DATA FOR REVIEW:
+--

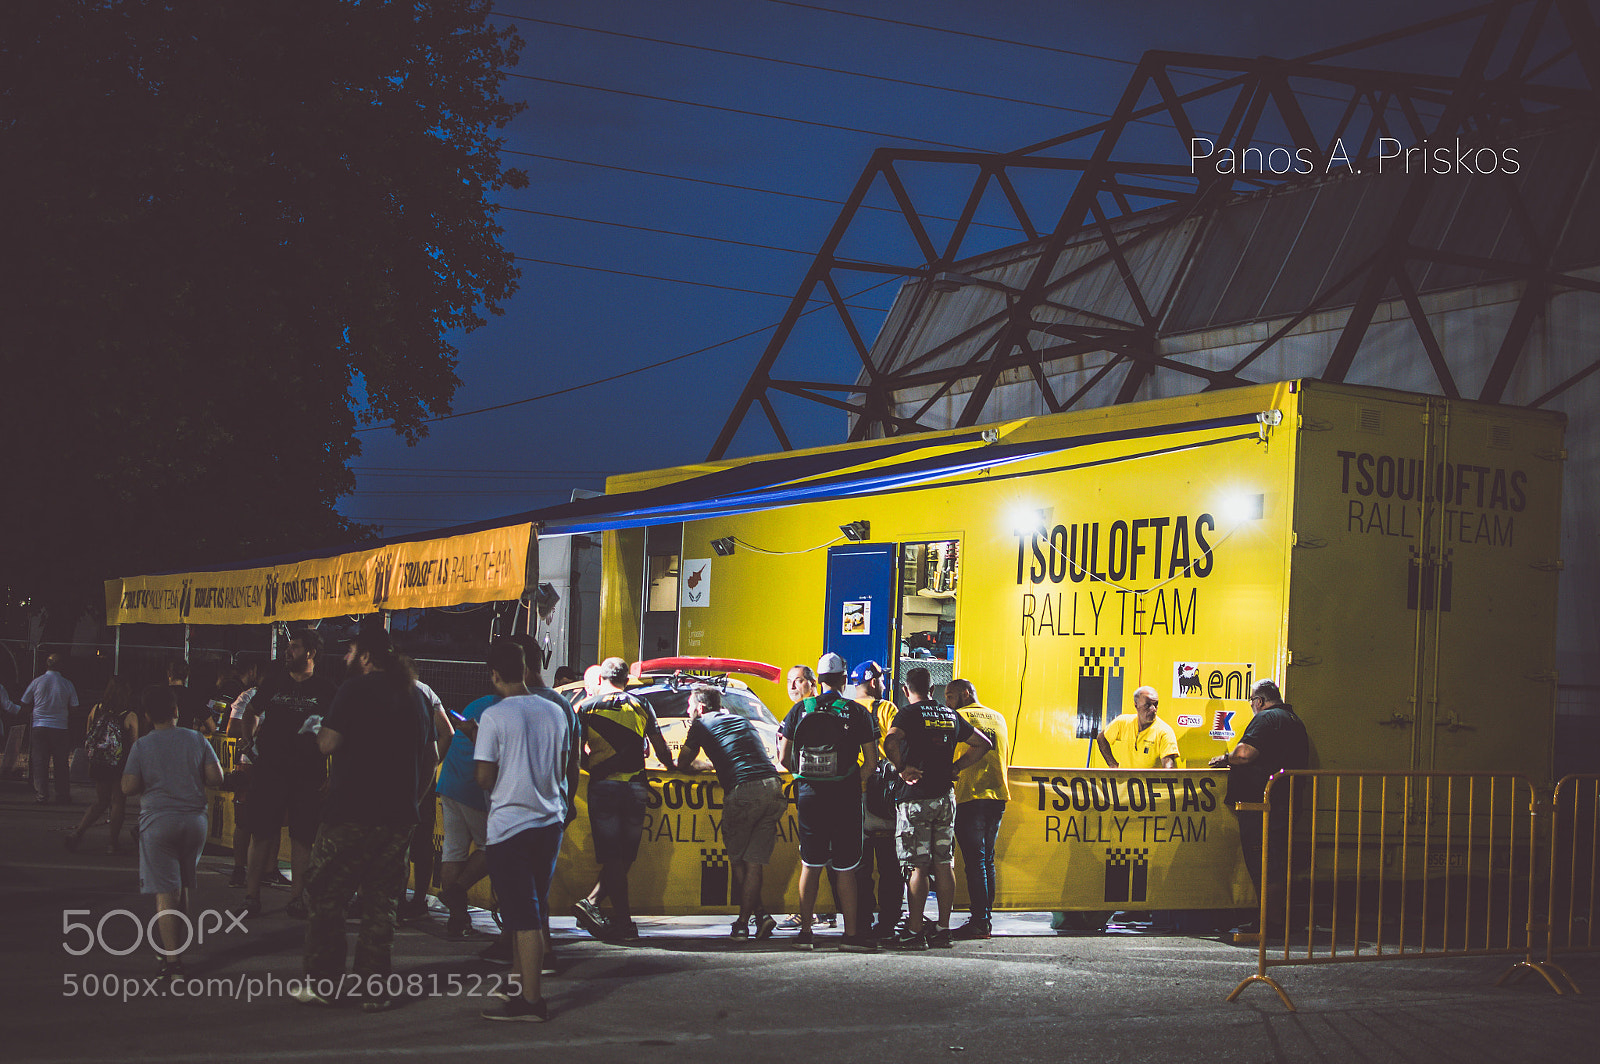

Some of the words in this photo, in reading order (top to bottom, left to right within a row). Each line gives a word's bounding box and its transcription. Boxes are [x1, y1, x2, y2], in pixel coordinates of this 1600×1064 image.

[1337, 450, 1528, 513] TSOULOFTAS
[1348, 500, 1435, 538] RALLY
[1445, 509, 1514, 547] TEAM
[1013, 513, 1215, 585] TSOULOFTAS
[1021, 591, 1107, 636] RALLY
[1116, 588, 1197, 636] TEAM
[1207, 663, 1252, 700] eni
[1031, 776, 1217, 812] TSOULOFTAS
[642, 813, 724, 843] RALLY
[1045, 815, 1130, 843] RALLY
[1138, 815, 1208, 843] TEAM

+--

WORK INSTRUCTIONS:
Every entry above should come back exactly as written, except for its pictures.

SOLUTION TO THIS TASK:
Some of the words in this photo, in reading order (top to bottom, left to right within a row). Each line gives a word's bounding box and its transcription. Boxes are [x1, y1, x2, y2], in pixel coordinates of this 1600×1064 image.

[1337, 450, 1528, 513] TSOULOFTAS
[1348, 500, 1435, 538] RALLY
[1445, 509, 1514, 547] TEAM
[1013, 513, 1215, 585] TSOULOFTAS
[1021, 591, 1107, 636] RALLY
[1116, 588, 1197, 636] TEAM
[1207, 663, 1252, 700] eni
[1031, 776, 1217, 812] TSOULOFTAS
[642, 813, 724, 843] RALLY
[1045, 815, 1130, 843] RALLY
[1138, 815, 1208, 843] TEAM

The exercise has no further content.